I liked how the book started out actually describing the penguins as penguins, i even liked some of the stories about the penguins after they changed, but most of the stuff afterwards is more centered around philosophy and religion and things like that that have drifted away from the penguin idea and into entirely different subjects. The first few chapters are entertaining...the rest, of what I've read through so far, drifted too much from the main subject...still interesting, though. Just harder to read.
Great, hilarious rewriting of France's history and the French people as penguins converted by a Christian saint that made the she penguins to dress up and thus, inadvertently, created prostitution.
Penguin Island by Anatole France. Translated by A. W. Evans. Published by MobileReference (mobi).

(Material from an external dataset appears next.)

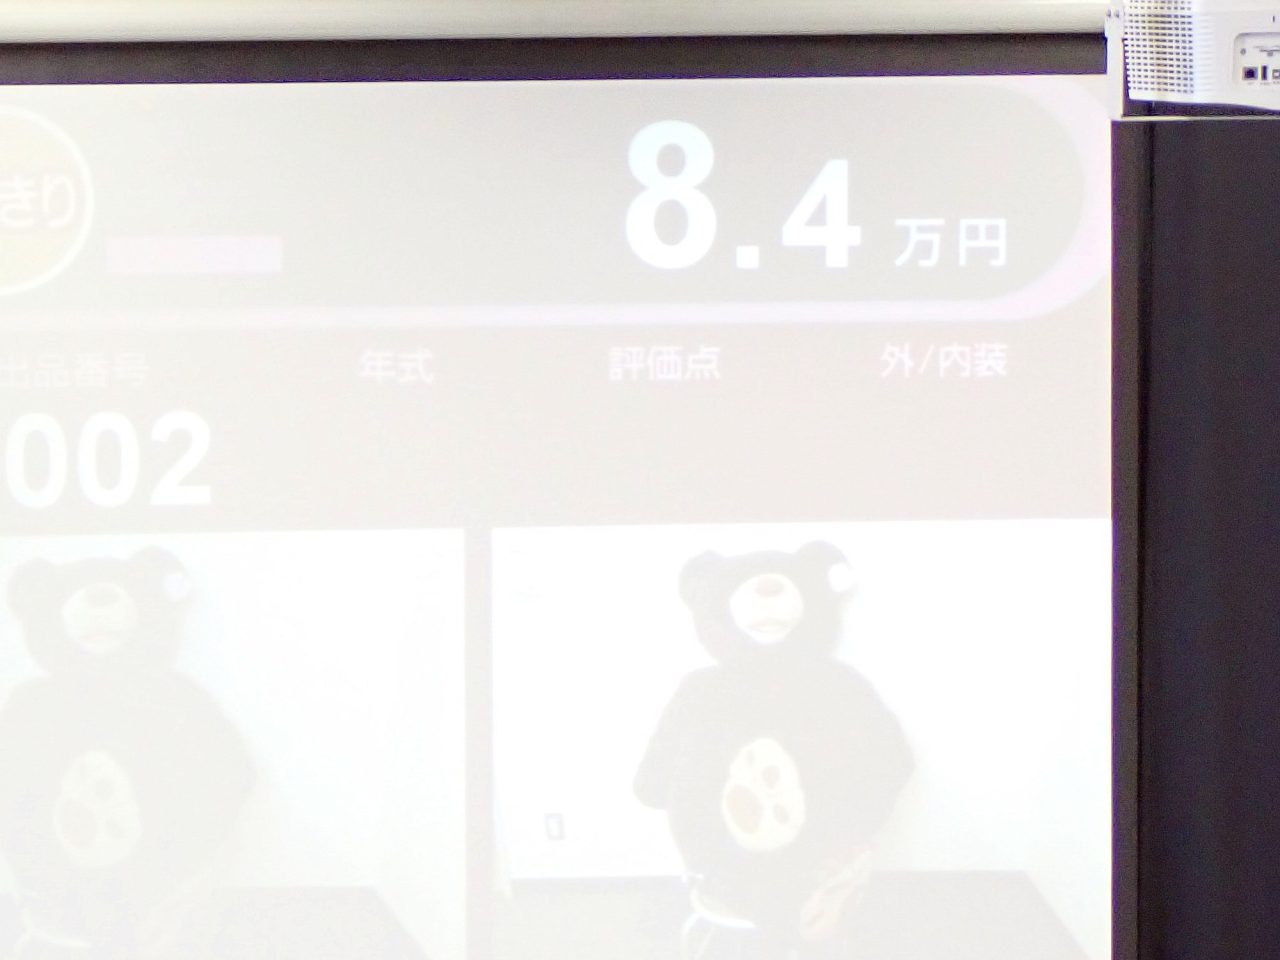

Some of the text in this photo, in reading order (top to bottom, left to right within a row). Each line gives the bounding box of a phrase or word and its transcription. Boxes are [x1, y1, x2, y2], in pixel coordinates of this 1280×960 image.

Anatole France spares no one in this satire about the the birth life and death of the Penguin empire. Starting from the baptism of the Penguins by St. Mael through the founding and subsequent fall of the empire, this story pokes fun at the Church, military, courts and every political movement known to man. The trial of poor Pyrot had me in stitches. If you like satire, read this book!
A pious monk discovers a previously unknown island. He is half deaf and more than half blind with age. Even so, he can see that the diminutive people here are gentle, serious, and not yet Christian. He performs a mass baptism, not realizing that he has created Christian penguins.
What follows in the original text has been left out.